» What the exercise asks: Leave the pictures out while you restate every entry below word for word.

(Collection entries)
· · · ·

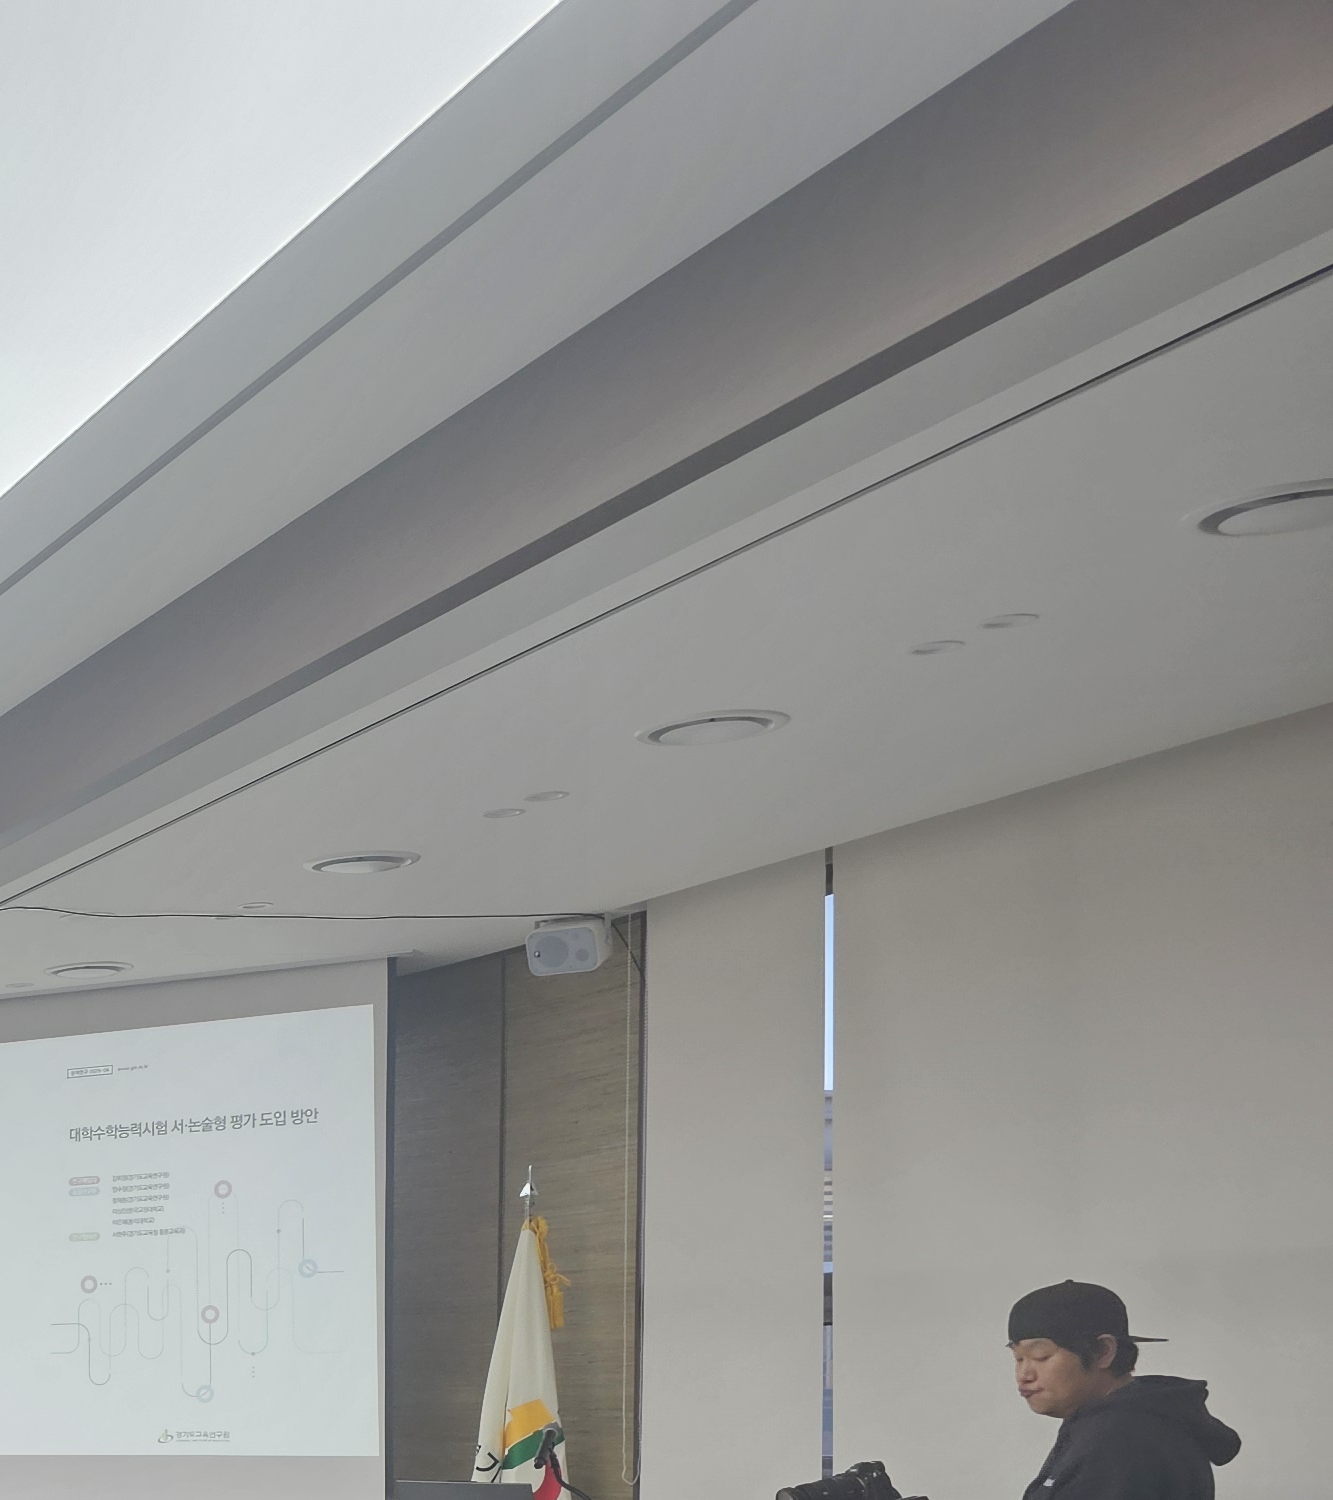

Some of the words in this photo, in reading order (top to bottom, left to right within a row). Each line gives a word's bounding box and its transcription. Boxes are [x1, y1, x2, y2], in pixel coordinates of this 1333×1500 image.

[69, 1119, 168, 1142] 대학수학능력시험
[230, 1113, 257, 1130] 평가
[259, 1110, 286, 1127] 도입
[290, 1107, 319, 1125] 방안

· · · ·

» Response box:
Some of the words in this photo, in reading order (top to bottom, left to right within a row). Each line gives a word's bounding box and its transcription. Boxes are [x1, y1, x2, y2], in pixel coordinates of this 1333×1500 image.

[69, 1119, 168, 1142] 대학수학능력시험
[230, 1113, 257, 1130] 평가
[259, 1110, 286, 1127] 도입
[290, 1107, 319, 1125] 방안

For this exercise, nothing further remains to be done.